Even those countries least affected so far by the spread of COVID-19 within their communities have been feeling its impact, with ramifications extending into citizens’ livelihoods from the wider fields of economy and politics alike. Social media replaces social interaction; an environment devoid of genuine contact prompts the algorithmic intensification of fake news production. The pseudo-cybernetic nature of social media technology tends to strengthen its users’ pre-existing views, rather than encouraging them to tap into opposing perspectives (read: “errors”) – the chain of the #feedbackloop.
Most likely we’ve all been consuming a significant amount of it already. So let’s go low-tech for a moment, and look away from high media technology. I’d like to think, very simply, about the apology – not as a matter of mere courtesy or a diplomatic gesture, but as a technology of the self. We often talk about apologising as renewing the threshold of our relationship to another. But the apology, even viewed outside the pure efficacy of its social function, is a sort of mental yoga and a personal ritual. Its field of immanence connects a number of faculties: irony and sincerity go hand in hand, preceded by the disquiet and slowness of thought.

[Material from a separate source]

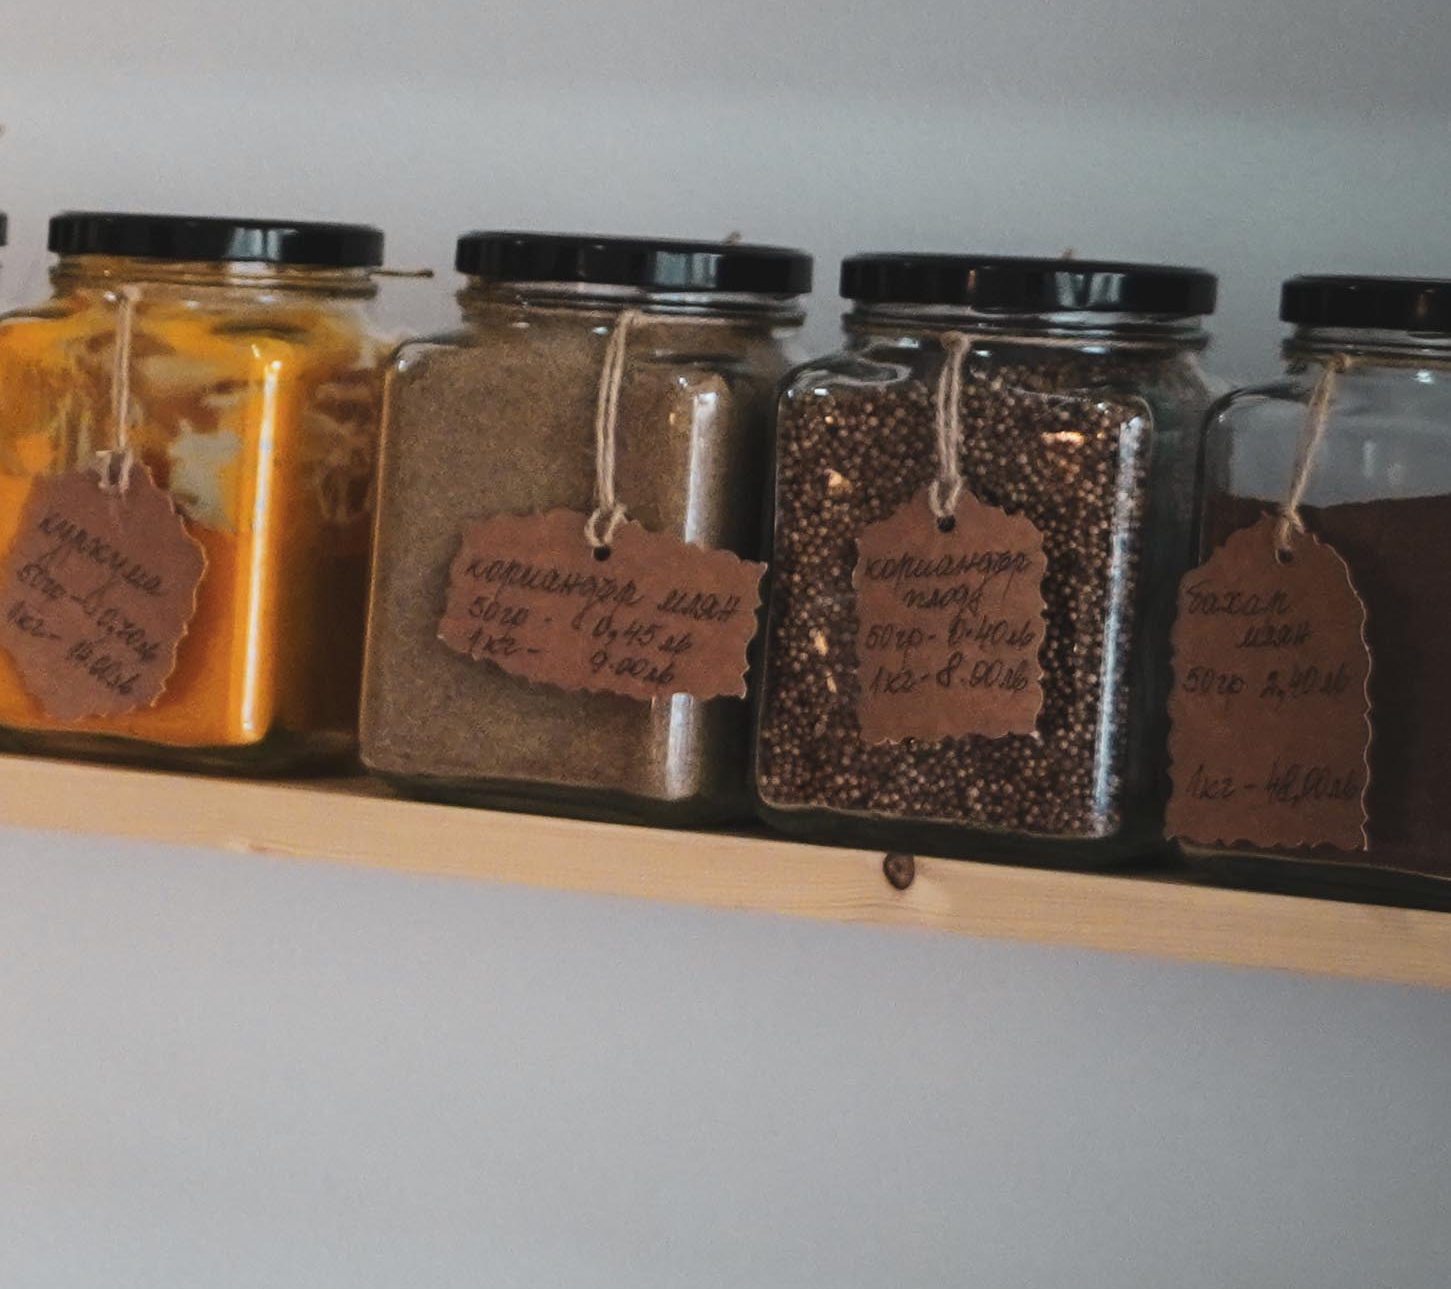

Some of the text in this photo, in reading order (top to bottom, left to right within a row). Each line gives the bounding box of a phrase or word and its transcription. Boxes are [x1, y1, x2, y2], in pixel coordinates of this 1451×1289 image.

[39, 513, 163, 597] куркума
[865, 551, 1032, 592] кориандър
[467, 557, 740, 622] кориандър млян
[1185, 579, 1291, 615] бахар

Below I have gathered some of examples of apologies I randomly encountered during the period of self-isolation which I underwent following my return home to Taiwan from London.
In China, on the 21st of January, right after the government officially announced that the human-to-human transmission of COVID-19 had been confirmed, we began to notice a tremendous influx of fake news – and we could see where it was coming from. Social media was soon filled with calls for the Chinese public to be aware of what was happening. In February, science fiction author Han Song made a post on Weibo in an attempt to spark the critical consciousness of his circle:
From now on, I will be constantly doing one thing: screenshotting and saving every article in my feeds, because they tend to disappear so fast, sometimes faster than the speed of light… It makes me feel like science fiction is trash. […] I don’t think this epidemic will bring anything new to the table for sci-fi. What’s going on in Wuhan right now has certainly been written before, with even many matching details. And what use does it have? Probably none of the big shots in the party seats in Wuhan, or Huanggang, have read any of it. This shows exactly what science fiction is in the public mind: trash.

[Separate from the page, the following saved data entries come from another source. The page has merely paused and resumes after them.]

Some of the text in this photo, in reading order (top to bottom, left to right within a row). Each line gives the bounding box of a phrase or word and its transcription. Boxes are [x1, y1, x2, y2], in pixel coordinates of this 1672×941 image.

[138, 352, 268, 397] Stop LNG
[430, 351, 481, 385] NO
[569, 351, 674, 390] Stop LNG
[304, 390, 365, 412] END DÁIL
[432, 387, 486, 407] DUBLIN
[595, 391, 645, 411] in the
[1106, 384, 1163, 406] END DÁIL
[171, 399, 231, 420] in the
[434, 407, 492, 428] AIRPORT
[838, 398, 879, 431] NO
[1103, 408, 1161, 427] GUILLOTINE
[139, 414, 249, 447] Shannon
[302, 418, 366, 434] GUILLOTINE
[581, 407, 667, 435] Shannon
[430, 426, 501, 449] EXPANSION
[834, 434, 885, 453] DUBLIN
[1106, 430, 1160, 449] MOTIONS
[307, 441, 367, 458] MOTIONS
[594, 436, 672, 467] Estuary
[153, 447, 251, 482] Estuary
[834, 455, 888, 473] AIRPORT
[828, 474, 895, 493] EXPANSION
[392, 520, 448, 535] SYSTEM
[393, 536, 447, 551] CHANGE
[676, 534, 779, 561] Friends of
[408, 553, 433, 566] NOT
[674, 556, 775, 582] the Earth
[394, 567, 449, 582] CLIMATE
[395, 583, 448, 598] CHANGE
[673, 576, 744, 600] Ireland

As Han observes, except for scanty and intermittent attention – always following some social crisis – Chinese sci-fi has largely been relegated to the trash bin. As Han currently works as a journalist for the Xinhua News Agency, he ends his statement with an apology:
Any mistakes I’ve made are due to the impact of this exceptional time on my reptilian brain. I beg the forgiveness of my family, friends, colleagues, neighbors and superiors. Should you wish for me to be discharged from work, I will desire nothing more.

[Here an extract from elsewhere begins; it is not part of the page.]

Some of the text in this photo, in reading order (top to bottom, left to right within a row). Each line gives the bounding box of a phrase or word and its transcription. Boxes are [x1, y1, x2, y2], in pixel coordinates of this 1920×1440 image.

We see a similarly excessive self-deprecation and irony in the openings of Memoirs of ****: Commonly Known by the Name of George Psalmanazar: A Reputed Native of Formosa. The manuscript begins, “the last will and testament of me: a poor sinful and worthless creature commonly known by the assumed name of George Psalmanazar.” Psalmanazar, an odd charlatan of European descent, claimed for several years that he was a native of Taiwan, bringing him fame and notoriety in 18th century London. The rather dramatic admittance of his imposture in this “last will” is a playful challenge to the evangelical concept of salvation – he apologises for the forgery of his xeno-racial identity, but never actually reveals his real name.
Truth and apology go hand in hand, as the President of Taiwan indicated with her reference to the etymological proximity between the concepts of truth (balay) and reconciliation (sbalay) in the Atayal language, when she officially apologised to the island’s indigenous population for centuries of mistreatment.
There’s no shortage of repentance among our various xeno-sapiens, and this goes for sci-fi writers too. Speaker for the Dead, by polemical author Orson Scott Card, centers around its infamous protagonist’s regret for the long-ago xenocide of the Formic species. Liu Cixin’s The Three-Body Problem – the most successful representative of the Chinese sci-fi scene – has its main character literally apologise to an ant (though much more light-heartedly than Card’s angst-ridden ruminations). By updating our evolutionary perspective from a “survival of the fittest” paradigm to, say, that of “mutual aid,” we can proceed to develop our conversations in tones that enhance the interspecies space.
A joint piece by environmental scientist Jennifer Jacquet and painter Sarah Schlesinger expands this favoured format of sci-fi writers with an attempt to conduct an “intergenerational apology”:
One motivation to apologize is the personal relief that apologies can bring. To unburden one’s own conscience, the way that former U.S. Secretary of Defense Robert McNamara did when he admitted his misjudgments that prolonged the Vietnam War. Another reason to apologize is an attempt to express to the future that at least some portion of society would have liked things to go differently, and that at least some among us attempted to instate a different habit of thought.